User:Shard/Humor/IzzysDay
WARNING: The material on this page is for entertainment purposes. It is intended to be satirical, and though it may be based on actual things or events, should not be taken completely seriously.
I got an idea to write this as I was on Izzy's talk page today. I thought to myself, "What if arenanet employees could use GW skills in their work?"
Izzy's Day[edit]
I woke up this morning to the intense screeching of my Moa Bird alarm clock. I still had the Migraine from last night's drinking contest at the office. I got out of bed, put on my Warrior Vabbian armor and headed towards the door. Then I realized there was an important meeting happening today, so I decided to dress up into Warrior Obsidian armor. I hopped on my Siege Turtle and Rushed to work.
When I got there, the door was locked, so I used Ursan Force to crash through it. First I walked to my desk and watched some observer matches, the most notable one was when Channeling Monks [Rnub] was dominating halls. That Shard is a 1337 HaxX0rz warrior. After I obs'd a few matches and played some RA, I went to the important meeting. The door was locked, so I blasted the door with Wurm Siege.
Jeff started the meeting with an Inspirational Speech, followed by our ritual Song of Concentration to get into the "meeting mood." The first order of business was to talk about how Hall of Monuments stuff will be carried to GW2.
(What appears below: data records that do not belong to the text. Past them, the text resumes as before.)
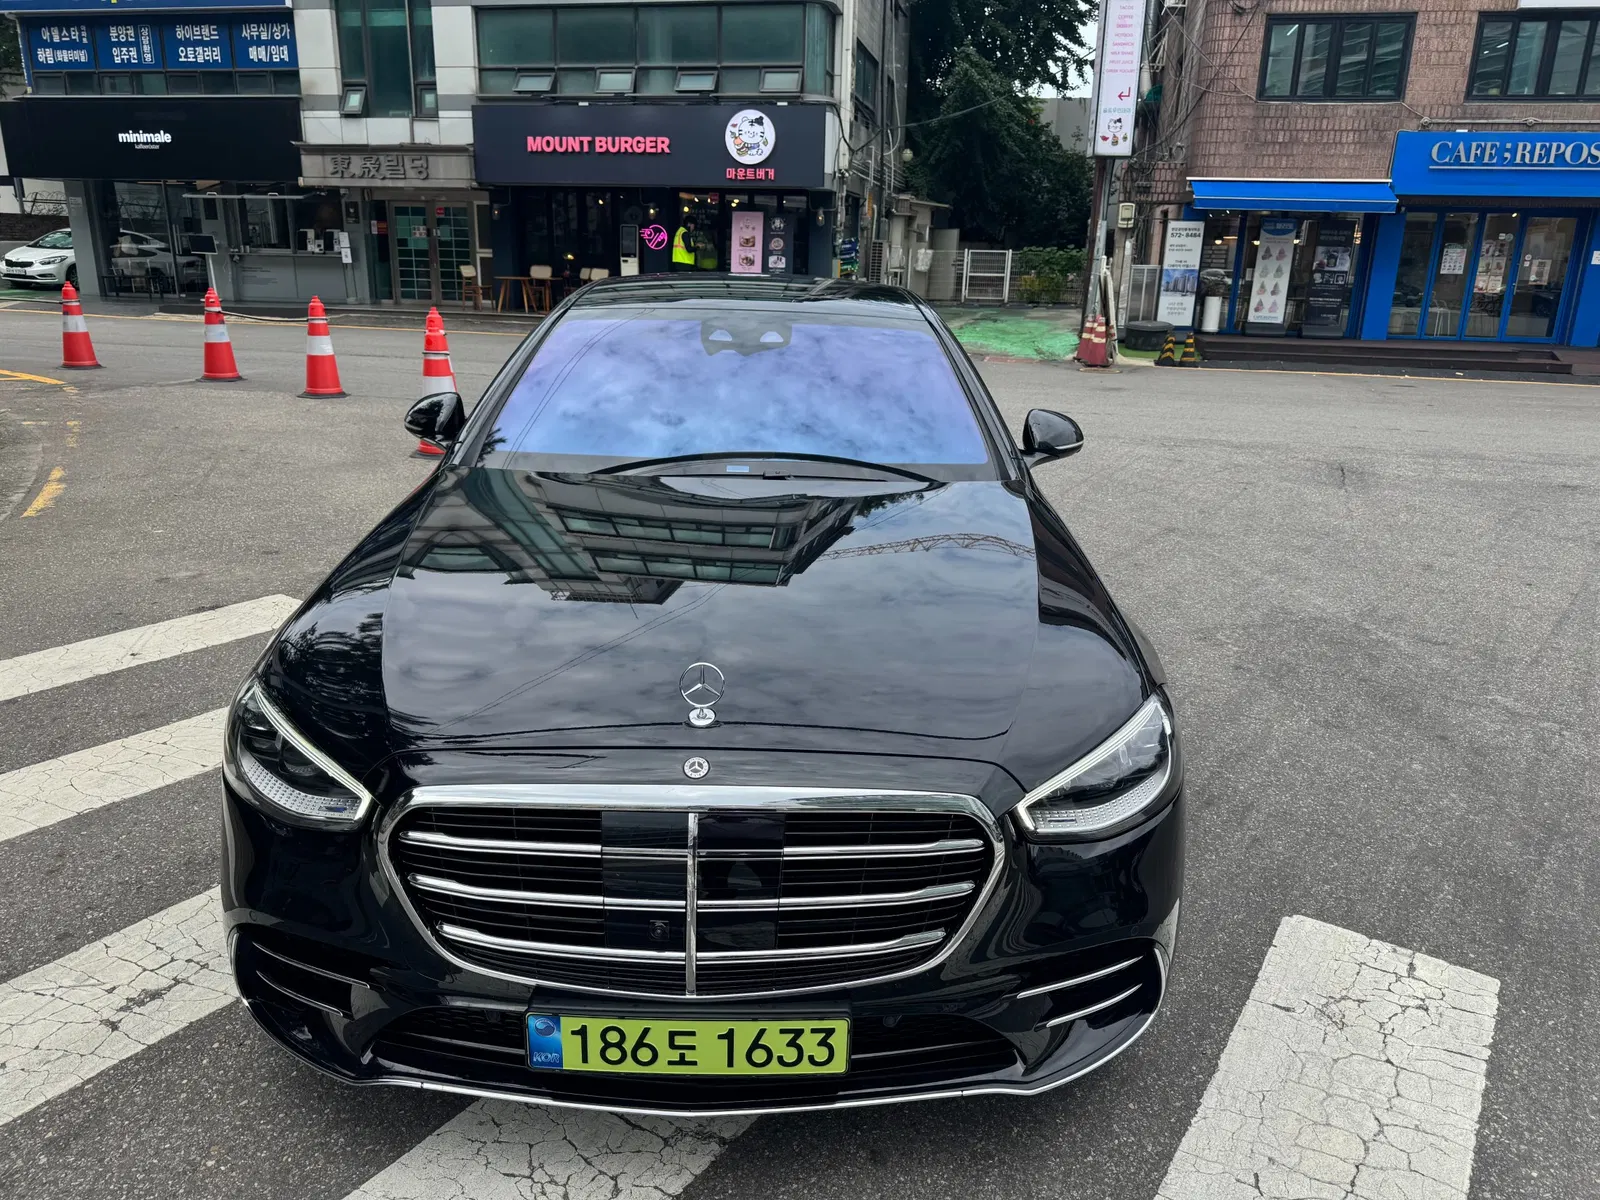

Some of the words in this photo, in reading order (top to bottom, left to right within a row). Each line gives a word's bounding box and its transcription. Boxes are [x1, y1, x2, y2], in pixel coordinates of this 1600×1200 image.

[41, 26, 79, 43] 아델스타
[109, 25, 135, 42] 분양권
[176, 24, 219, 41] 하이브랜드
[241, 23, 290, 40] 사무실/상가
[112, 47, 138, 63] 입주권
[178, 46, 222, 63] 오토갤러리
[248, 45, 289, 62] 매매/임대
[118, 130, 172, 143] minimale
[526, 136, 593, 154] MOUNT
[595, 136, 671, 154] BURGER
[725, 167, 775, 181] 마운트버거
[571, 1024, 698, 1068] 186도
[717, 1026, 836, 1068] 1633
[532, 1052, 561, 1064] KOR
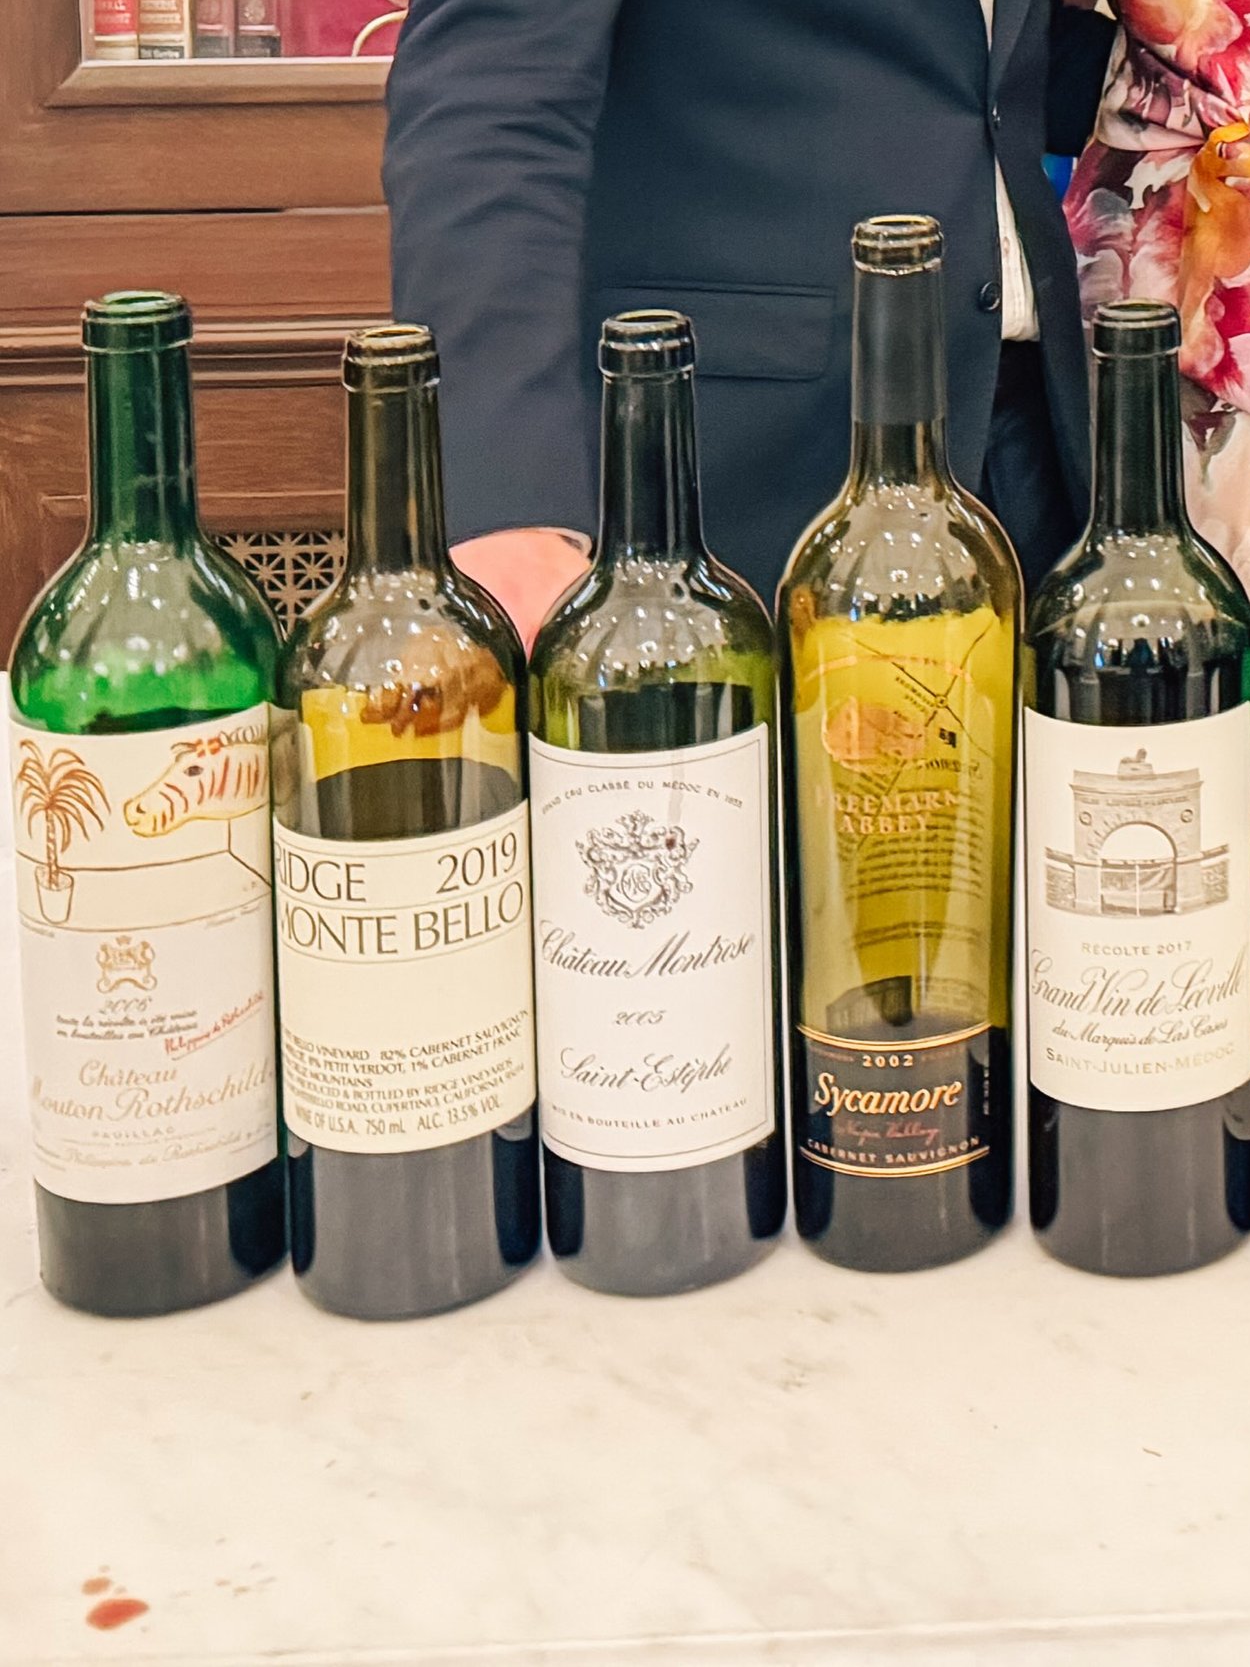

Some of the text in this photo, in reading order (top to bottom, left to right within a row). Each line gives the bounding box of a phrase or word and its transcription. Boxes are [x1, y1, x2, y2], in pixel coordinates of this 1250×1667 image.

Regina stood up and conveyed some suggestions from the players. "Lots of players want their titles to give their characters a passive effect. For example, people with cartography titles could have faster movement in PvE, and people with Protector titles get a cookie. People who got ripped off because the Rainbow Phoenix isn't a prestige pet can redeem 1 gold."
When it was my turn to get up, to be honest, I was half-asleep. I used Deep Freeze on the meeting, went to the cafeteria, and bought some Creme Brulees and a Sugary Blue Drink. Those woke me up. I went back to the meeting, but there was a problem - Deep Freeze lasts a really freaking long time, so I had to do something, FAST. I pulled out my Kepkhet's Refuge and started HSR Remove Hexing everyone on our team. When they came out of their deep freeze, I started my segment of the meeting.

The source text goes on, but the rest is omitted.